African soccer fans always seem to have a story about where they were when the Ghanaian national team came achingly close to qualifying for the semifinal stage of the 2010 World Cup, which was held for the first time on African soil.

No African team had ever made it past the quarterfinal round of the world’s most-watched sporting event. And in Johannesburg’s Soccer City stadium that July 2, Ghana came within a hair’s breadth of making history, before crashing out in controversial circumstances when a Uruguayan player’s outstretched arm stopped a near-certain Ghana goal as the clock ticked down.

When Ghana missed the resulting penalty shot, African spirits plunged. The shared gloom reflected a unique aspect of how Africa watches the World Cup. Because the continent has the world’s most artificial national borders, sports have a way of inspiring pan-African unity. Regardless of nationality, most Africans support whichever African team is coming up against a rival from elsewhere. Unfortunately, this sense of community that transcends borders is not shared by the continent’s leaders, many of whom seem determined to block any opportunity for greater inter-regional cooperation that arises.

Though heads of state routinely sign on to pledges of greater pan-African unity, they almost always proceed to do little. Though the concept enjoys wide popular support, most national leaders maintain highly nationalistic attitudes, even though their people, as a rule, do not. When it comes to interregional trade, for example, old colonial borders still serve as solid dividing lines, even though the illogic of many arbitrary boundaries continues to hold back Africa’s collective prospects.

One region that has made more progress than most in fostering integration is the East African Community, which introduced a Common Market protocol in 2010 that is expected, when it becomes fully effective in 2015, to create a single market of at least 135 million people across five countries. Yet the initiative has drawn strong criticism. Kenya’s former attorney general, Charles Njonjo, echoed the language of Euroskeptics recently when he warned in an opinion article in The East African: “Experience shows that Britain has benefited from remaining outside the euro and maintaining the pound sterling with their queen on it. So, too, for Kenya.”
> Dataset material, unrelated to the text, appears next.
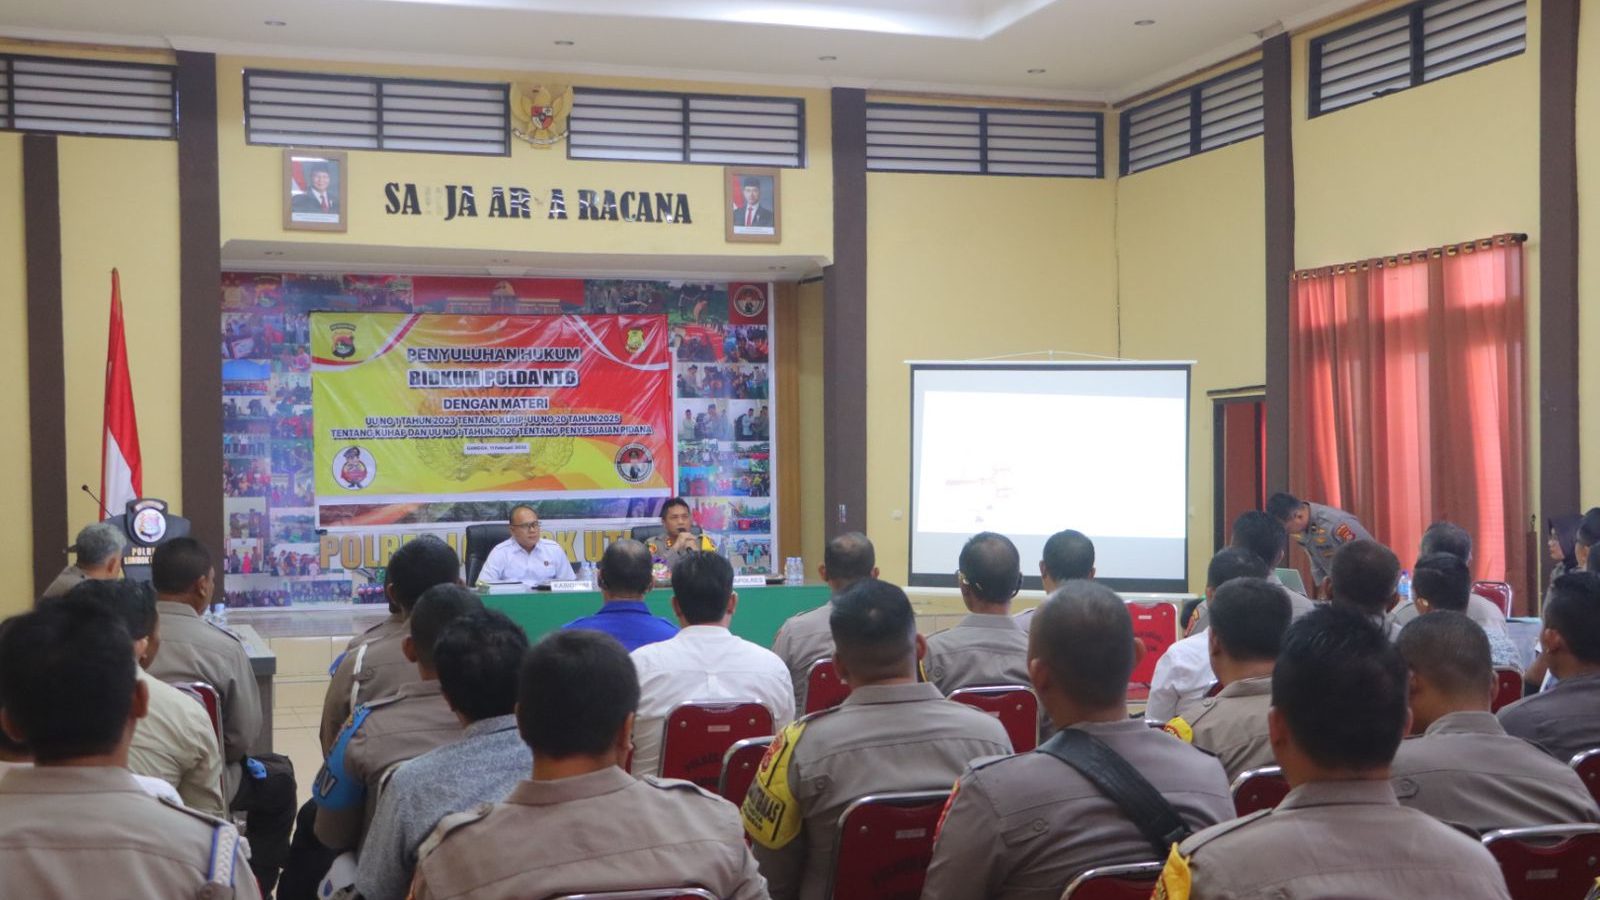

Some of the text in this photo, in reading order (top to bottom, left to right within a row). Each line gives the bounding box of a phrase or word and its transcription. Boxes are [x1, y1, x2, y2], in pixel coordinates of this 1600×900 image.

Such attitudes do little to boost Africa’s prospects, which would be much improved if we paid far less attention to the European demarcations of Africa’s borders at the end of the 19th century that have brought us some of the world’s most oddly shaped nations. The boundaries of the more than two score sub-Saharan countries cut across religious and ethnic divides. Sixteen are landlocked, including six of the 10 countries at the bottom of the United Nations’ Human Development Index. Landlocked countries face severe economic constraints, in part because they depend on the infrastructure of their not-always-sympathetic maritime neighbors.

 

African leaders may pledge to resolve these problems, but they rarely go beyond rhetoric. A few examples:

In 1999, African leaders signed on to an open skies agreement to deregulate air services in transnational markets. To date, however, Zambia, Swaziland and many other landlocked countries have yet to implement the accord, even though it would cut transportation costs and, the World Bank estimates, raise flight volumes by about 20 percent.

Inefficiency in many African ports contributes to the high cost of goods and hits consumers in landlocked countries particularly hard. On average, delays at customs in Africa last 12 days, double the delay in East Asian ports. Over the past decade, only about 12 percent of total African trade was within Africa, while 40 percent of all North American trade was among North American countries, and 63 percent of all West European trade was with other West European nations, according to the African Union.

To be sure, Africa’s more progressive leaders are fighting protectionist attitudes. At the annual meeting of the African Development Bank on May 22, President Paul Kagame of Rwanda told fellow leaders that the continent’s “most important challenges cannot be tackled by any country on its own” and that “deeper regional and continental integration is not only good for Africa, it is good for investors and trading partners. It makes it easier and cheaper and less risky to do business in Africa.”

President Jacob Zuma of South Africa voiced a similar theme at a conference on Feb. 3 in Johannesburg, declaring that the continent’s economic future would have to be “underpinned by greater levels of intra-Africa trade.”

For many Africans, the old borders are ignored. The Maasai people, for example, have grazed their cattle across the Kenya-Tanzania border for decades. And a straight line on the map marking the border dividing Kenya and Uganda means nothing to families like the Aworis, members of the Samia people who straddle both lands. They’ve produced one member, Moody Awori, who served as vice president of Kenya from 2003 to 2008, while a younger sibling, Aggrey Awori, was appointed to the Ugandan cabinet in 2009 and served until 2011.

This kind of story is repeated across the continent, but it is one that Africa’s leaders tend to forget or ignore. Perhaps they will be reminded next month, when five African teams — Ghana, Cameroon, Nigeria, Ivory Coast and Algeria — compete for the World Cup in Brazil. Across the continent, fans will root for whichever team comes out on top.

Murithi Mutiga is an editor at the Nation Media Group in Kenya.